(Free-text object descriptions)
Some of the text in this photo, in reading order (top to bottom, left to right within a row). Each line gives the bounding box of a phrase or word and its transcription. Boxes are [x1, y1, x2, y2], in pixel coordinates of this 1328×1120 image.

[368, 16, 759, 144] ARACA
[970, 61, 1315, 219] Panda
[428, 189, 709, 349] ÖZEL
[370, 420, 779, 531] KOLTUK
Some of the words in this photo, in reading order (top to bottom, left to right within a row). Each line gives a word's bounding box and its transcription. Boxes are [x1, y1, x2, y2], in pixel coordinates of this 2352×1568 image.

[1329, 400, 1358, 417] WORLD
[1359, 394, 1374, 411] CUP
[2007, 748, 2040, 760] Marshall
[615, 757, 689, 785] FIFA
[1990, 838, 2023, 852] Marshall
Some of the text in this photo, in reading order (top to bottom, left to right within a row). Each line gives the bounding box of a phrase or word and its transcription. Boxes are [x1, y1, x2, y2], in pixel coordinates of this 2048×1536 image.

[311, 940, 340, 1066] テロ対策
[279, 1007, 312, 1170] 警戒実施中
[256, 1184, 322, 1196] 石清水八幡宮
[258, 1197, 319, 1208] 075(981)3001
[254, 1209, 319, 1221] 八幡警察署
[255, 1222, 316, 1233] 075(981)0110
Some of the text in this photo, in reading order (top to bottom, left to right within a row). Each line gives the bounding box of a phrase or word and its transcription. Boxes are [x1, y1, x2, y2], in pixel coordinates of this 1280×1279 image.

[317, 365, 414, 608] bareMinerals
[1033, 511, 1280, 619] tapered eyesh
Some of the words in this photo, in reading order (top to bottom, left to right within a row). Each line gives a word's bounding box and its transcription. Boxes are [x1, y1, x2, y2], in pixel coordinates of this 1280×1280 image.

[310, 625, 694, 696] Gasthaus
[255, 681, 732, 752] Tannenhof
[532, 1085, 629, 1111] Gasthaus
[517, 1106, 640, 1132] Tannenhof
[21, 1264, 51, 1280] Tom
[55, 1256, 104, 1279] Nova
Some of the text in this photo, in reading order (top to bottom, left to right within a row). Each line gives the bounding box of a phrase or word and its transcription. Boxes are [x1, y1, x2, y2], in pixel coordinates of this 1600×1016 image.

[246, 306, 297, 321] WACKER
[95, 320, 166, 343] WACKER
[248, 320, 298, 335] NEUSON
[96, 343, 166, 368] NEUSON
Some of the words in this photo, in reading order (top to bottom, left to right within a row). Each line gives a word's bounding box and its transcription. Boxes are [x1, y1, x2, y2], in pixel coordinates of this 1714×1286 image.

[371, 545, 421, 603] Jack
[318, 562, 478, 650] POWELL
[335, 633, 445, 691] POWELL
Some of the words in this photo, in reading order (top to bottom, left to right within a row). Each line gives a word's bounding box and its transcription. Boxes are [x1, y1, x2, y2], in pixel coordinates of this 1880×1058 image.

__Work item__:
Write out, word for word, the line containing "this 1280×1280 image." and every line after it to the end of the data above.

__Your solution__:
Some of the words in this photo, in reading order (top to bottom, left to right within a row). Each line gives a word's bounding box and its transcription. Boxes are [x1, y1, x2, y2], in pixel coordinates of this 1280×1280 image.

[310, 625, 694, 696] Gasthaus
[255, 681, 732, 752] Tannenhof
[532, 1085, 629, 1111] Gasthaus
[517, 1106, 640, 1132] Tannenhof
[21, 1264, 51, 1280] Tom
[55, 1256, 104, 1279] Nova
Some of the text in this photo, in reading order (top to bottom, left to right within a row). Each line gives the bounding box of a phrase or word and its transcription. Boxes are [x1, y1, x2, y2], in pixel coordinates of this 1600×1016 image.

[246, 306, 297, 321] WACKER
[95, 320, 166, 343] WACKER
[248, 320, 298, 335] NEUSON
[96, 343, 166, 368] NEUSON
Some of the words in this photo, in reading order (top to bottom, left to right within a row). Each line gives a word's bounding box and its transcription. Boxes are [x1, y1, x2, y2], in pixel coordinates of this 1714×1286 image.

[371, 545, 421, 603] Jack
[318, 562, 478, 650] POWELL
[335, 633, 445, 691] POWELL
Some of the words in this photo, in reading order (top to bottom, left to right within a row). Each line gives a word's bounding box and its transcription. Boxes are [x1, y1, x2, y2], in pixel coordinates of this 1880×1058 image.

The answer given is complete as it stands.